Cada plataforma tiene su propia textura sináptica. Twitter es vidrio molido y anfetaminas; cada tweet, un corte microscópico en tu capacidad de concentración. Instagram es melaza visual; cada imagen se adhiere a tu retina como jarabe fosforescente. LinkedIn es el sabor de la desesperación corporativa mezclada con motivación sintética; cada post, un recordatorio de tu inadecuación profesional, optimizada para engagement.

El algoritmo no duerme, pero sueña con tus datos. En sus sueños REM digitales, procesa billones de microinteracciones, buscando patrones en el caos y significado en el ruido. Cada like es un símbolo en su lenguaje onírico; cada share, una palabra en su glosolalia digital. Cuando despiertas, el algoritmo ya ha soñado mil versiones de tu día. Te presenta la más probable de generar engagement.

Evgeny Morozov advierte sobre el «solucionismo tecnológico», pero el algoritmo no soluciona problemas exactamente: los inventa para poder ofrecer soluciones. Crea la ansiedad para venderte la calma, genera la soledad para ofrecerte conexión, manufactura el deseo para prometer satisfacción. Es un dealer que corta su propia droga, que crea su propia demanda y que cultiva su propia adicción.

McLuhan murió antes de ver su aldea global convertirse en este manicomio de espejos algorítmicos, donde cada reflejo está optimizado para mantenerte mirando. Donde cada superficie es una pantalla y cada pantalla, una trampa neuronal. Quizás fue mejor así. Tal vez hay misericordia en no ver tus profecías cumplirse de la manera más retorcida posible.

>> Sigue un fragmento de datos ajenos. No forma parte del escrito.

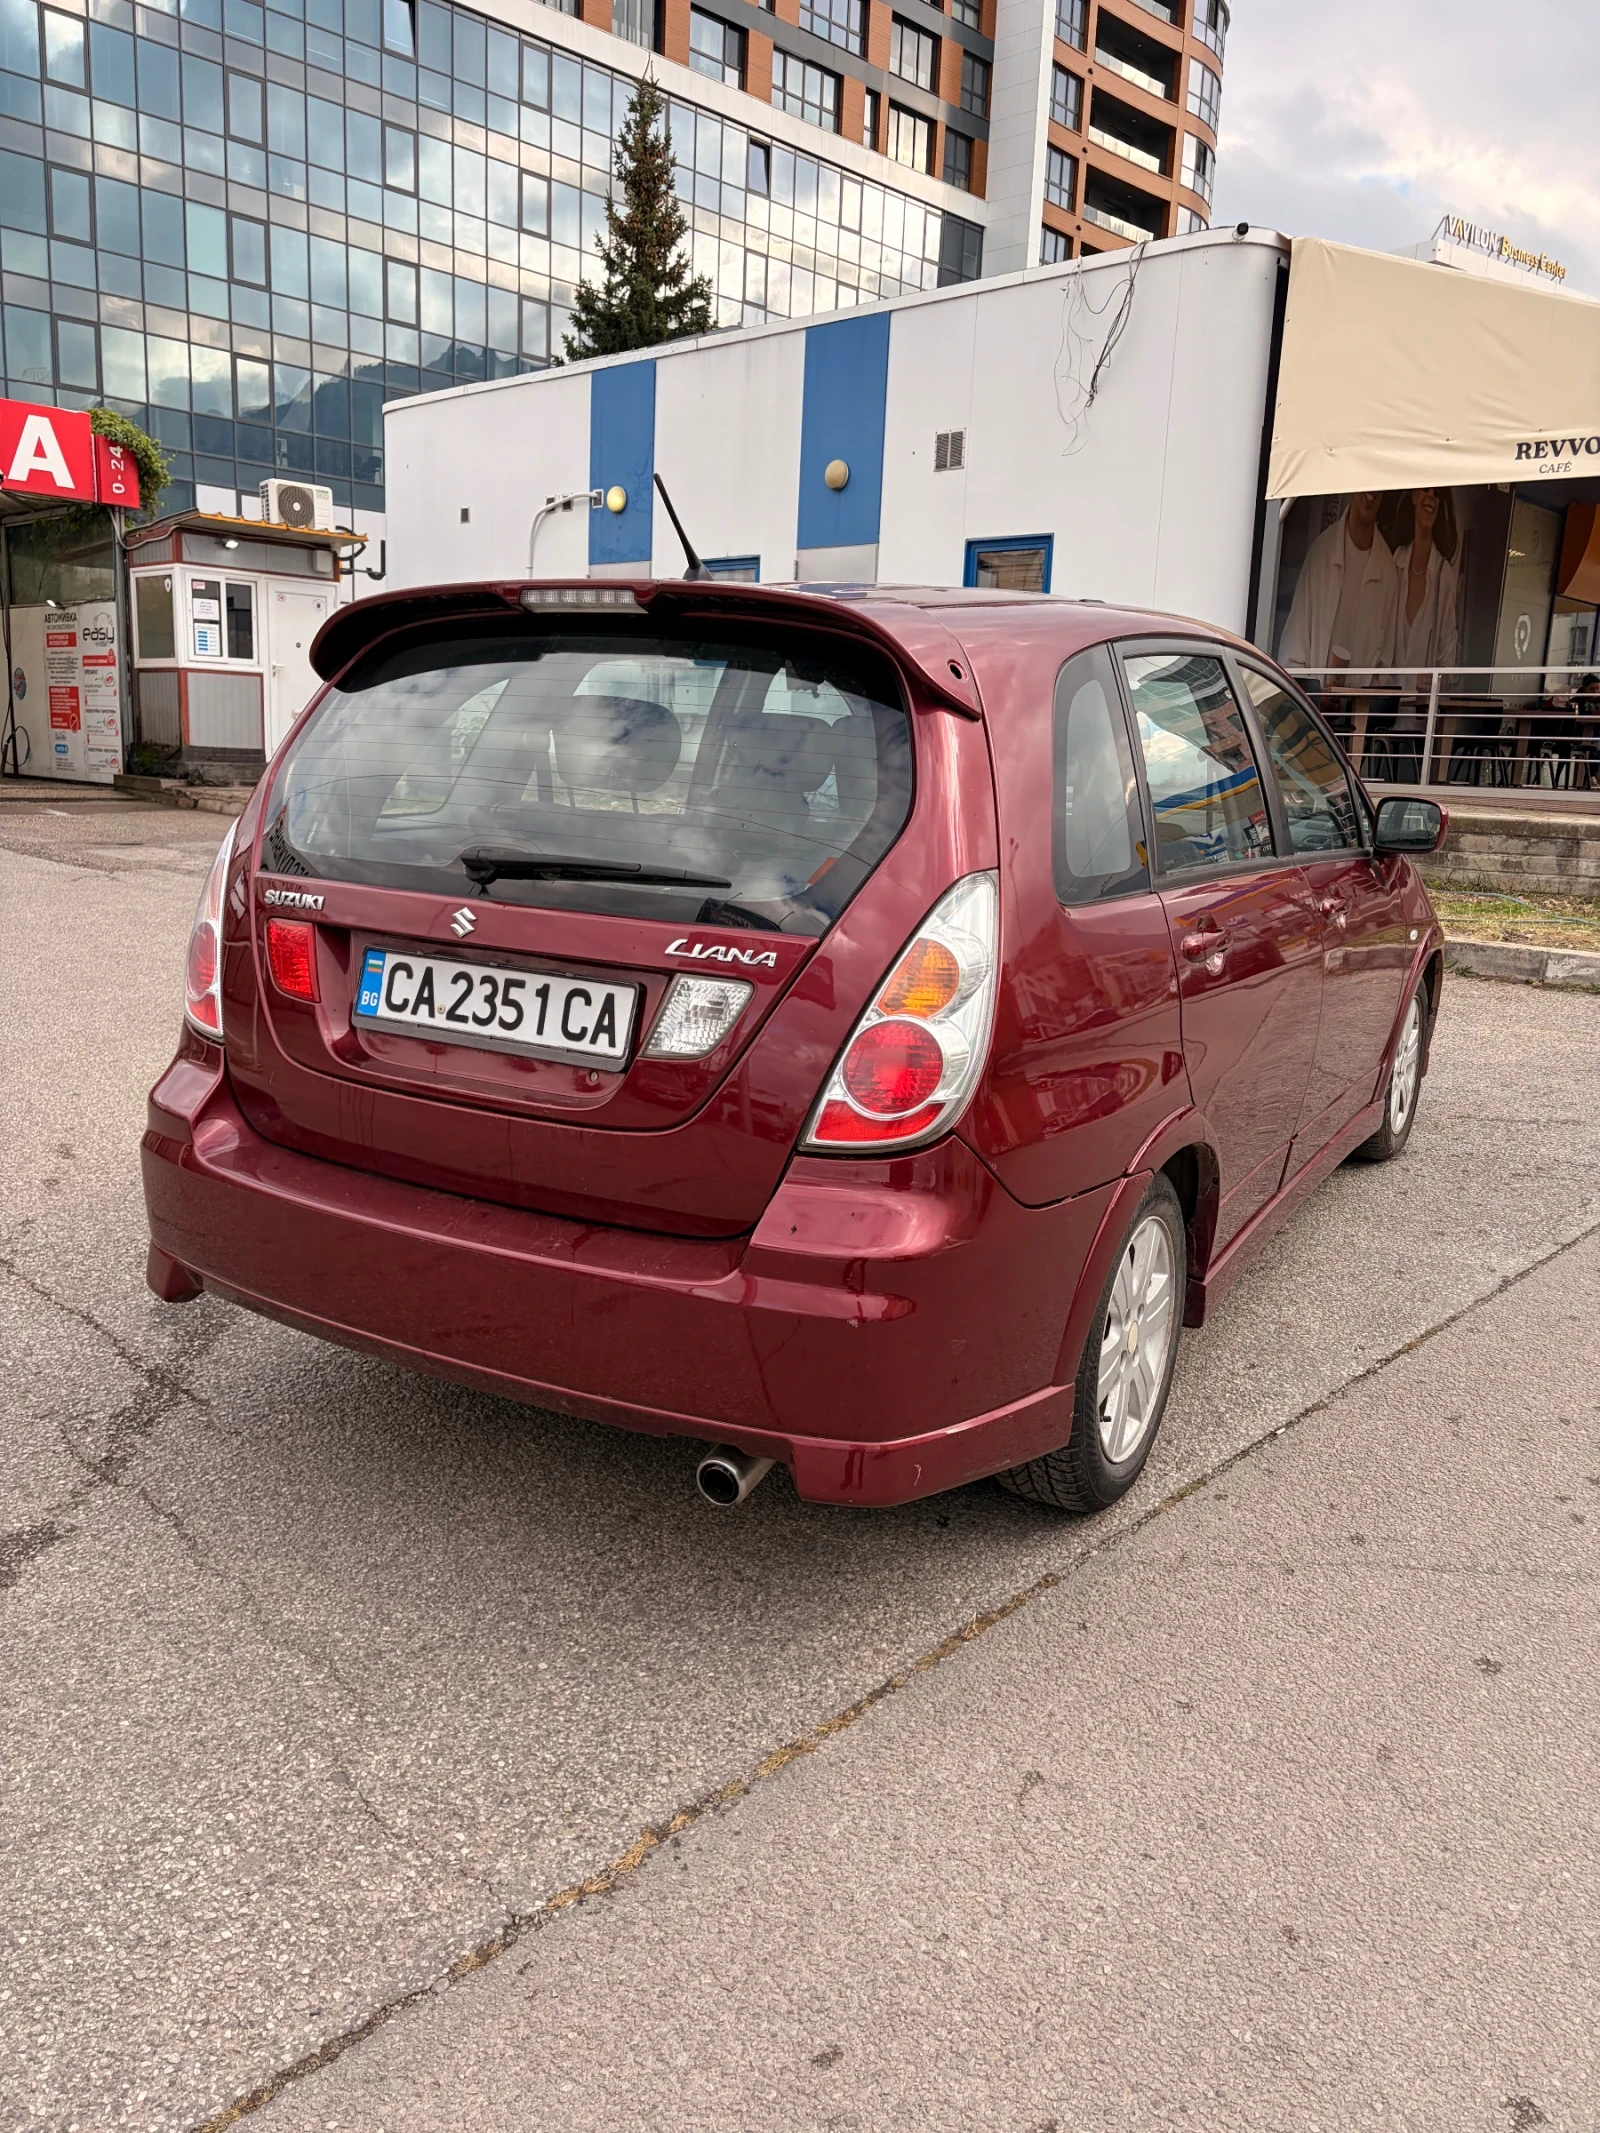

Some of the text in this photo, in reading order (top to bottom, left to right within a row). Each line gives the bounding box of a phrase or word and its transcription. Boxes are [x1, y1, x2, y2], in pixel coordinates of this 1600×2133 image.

[1446, 214, 1567, 279] VAVILON Business Center
[1515, 436, 1600, 460] REVVO
[1539, 460, 1572, 474] CAFÉ
[82, 627, 115, 643] easy
[264, 889, 325, 911] SUZUKI
[664, 938, 777, 968] LIANA
[360, 990, 378, 1007] BG

El medio es el algoritmo, y el algoritmo es el nuevo sistema nervioso de la especie. Un sistema nervioso que no evolucionó sino que fue diseñado, no para sobrevivir sino para generar valor, no para conectar sino para segmentar, no para comunicar sino para manipular. Cada día nos hundimos más profundo en su abrazo sináptico. Cada día, nuestros nervios orgánicos se atrofian un poco más, reemplazados por las conexiones sintéticas del recommendation engine.

La aldea global es ahora un laberinto de espejos personalizados, donde cada reflejo te muestra una versión ligeramente diferente de ti mismo, optimizada para mantenerte mirando. No hay salida porque no hay entrada: naciste en el laberinto, creciste en el laberinto y morirás en el laberinto. Sin haber conocido nunca un mundo donde el medio no fuera el algoritmo, donde el mensaje no fuera tu propia adicción reflejada infinitamente.

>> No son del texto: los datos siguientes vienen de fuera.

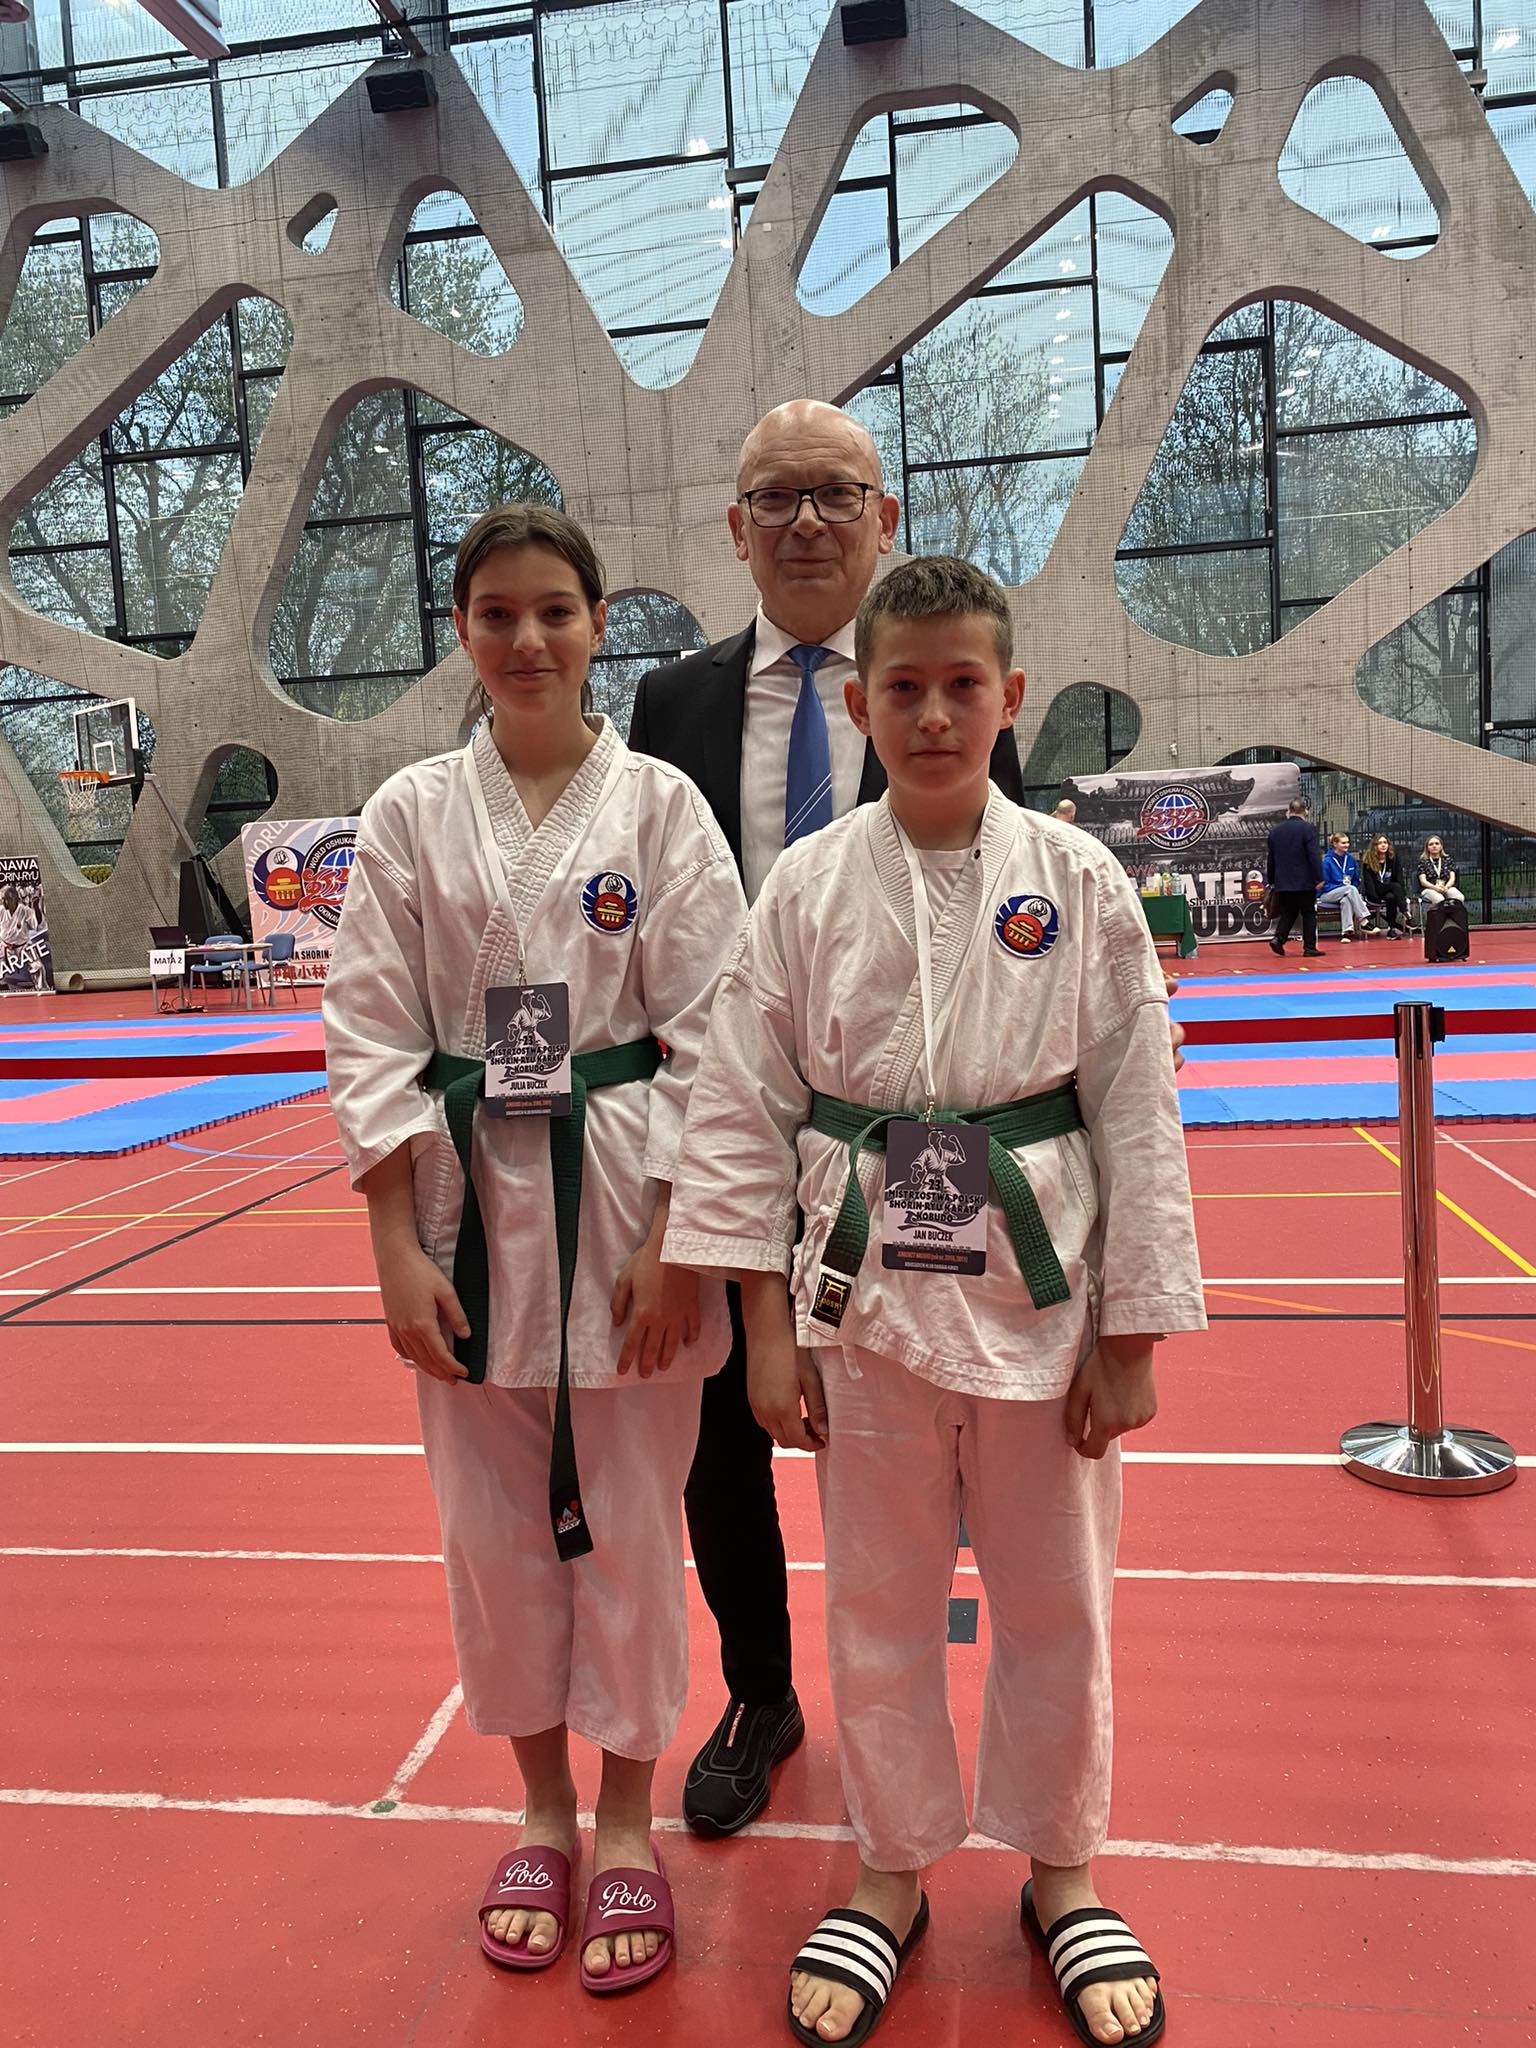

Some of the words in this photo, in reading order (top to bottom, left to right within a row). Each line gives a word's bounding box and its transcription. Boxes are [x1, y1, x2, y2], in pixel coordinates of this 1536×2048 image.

Pero aquí estás, leyendo esto. Probablemente en una pantalla, probablemente sugerido por un algoritmo, probablemente mientras ignoras notificaciones que vibran como nervios fantasma en tu bolsillo. El medio te tiene. El medio eres tú. El medio es todo lo que queda cuando el algoritmo termina de digerir lo que alguna vez llamamos realidad.

McLuhan está muerto, pero su fantasma vive en cada predicción algorítmica, en cada feed personalizado, en cada burbuja de filtro que flota como una célula cancerosa en el torrente sanguíneo de la información global. El medio era el mensaje. Ahora el medio es el algoritmo. Y el algoritmo… el algoritmo puede ser el final del mensaje. El principio del ruido blanco neuronal que llamamos, por costumbre más que por precisión, comunicación humana.